Here are a few of the imminent threats for 2019:

Botnets: With the surge of iot (internet of things) there has been a definite increase in botnet activity. The size and increase is more than double from 2017.

The trend will continue in 2019 putting any firm using IOT devices at risk. Most of the IOT devices today are focused around usability and ease of deployment leaving security an afterthought. Insecurity of IOT will help botnets around the world thrive.

DDoS (distributed denial of service): With the upward trend of botnets in 2019 DDoS will also follow.

There are current indicators of this trend. DDoS attacks have hit record highs upwards of 1.3 TB per second. Amplification attacks have also been increasing over 2018.

IOT (internet of things): IOT deployments in various industries are increasing and will continue in 2019. IOT with its ease of deployment and availability will continue to create a target rich environment for cryptomining as well as more serious threats such as municipality attacks.

With the increase of “smart cities” the threat of loss of service is real. Several services are now controlled by IOT in “smart cities” such as traffic lights, water and other critical services.

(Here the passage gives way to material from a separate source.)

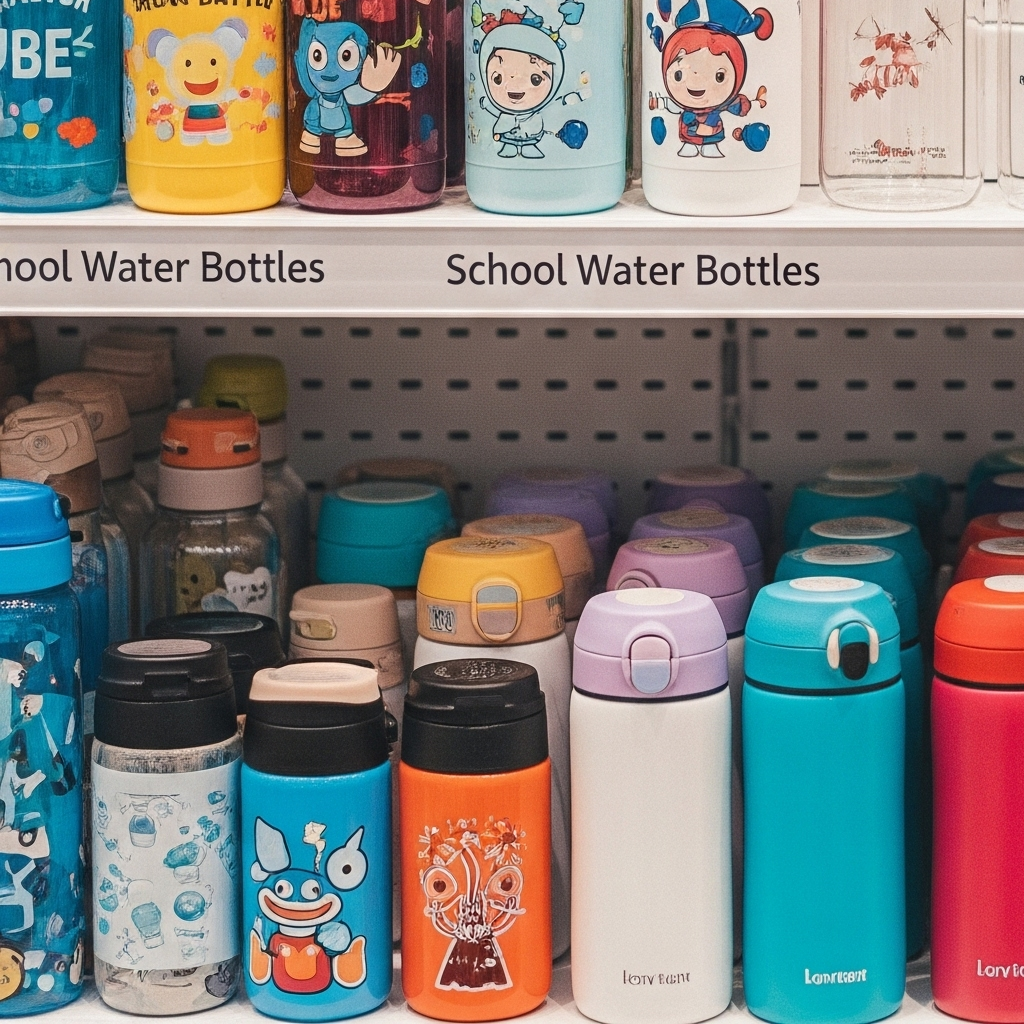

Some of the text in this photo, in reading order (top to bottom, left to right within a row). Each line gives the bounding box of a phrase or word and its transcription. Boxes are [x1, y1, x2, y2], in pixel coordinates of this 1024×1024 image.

An attack on this infrastructure can cause large amounts of damage. The availability of zero-day exploits for these devices have been discovered.

Physical APT (advanced persistent threat): With the increase of tensions in the geopolitical space the possibility of APT and physical attack will continue to be a concern in 2019. Recently Iran claimed they were under cyberattack by Israel with “Stuxnet 2.0”.

These types of attacks can damage the energy sector in a vast number of ways.

The increasing incidents of hardware embedded with backdoors or “call back” features only make the threat of mass compromise that much more real and inevitable in 2019.

Malware: The occurrences of ransomware will continue to be on the rise in 2019. The shift in focus will weigh heavily on utilities and industrial control systems. Crytpomining malware will also become more advanced and likely to target more utility and oil and gas systems.

Through my research and front-line monitoring of the oil and gas industry I’ve seen a steady increase of crypto currency mining malware.

A new threat to the internet and something to keep a close eye on will be fileless threats like worms.

Expect new malware not seen previously in 2018 with a real threat to the stability of the Internet.

The evolution of attacks in 2019 will be interesting to watch unfold.

The discovery of new attacks also motivates the security industry to advance their technology and defenses. Innovation in a lot of cases is spurred by exploitation.

Mr Jones will be taking part in a speaking tour where he will outline his past exploits and how to avoid threats.

“Hacker on Tour” will be touring Dundee and Edinburgh in January 2019.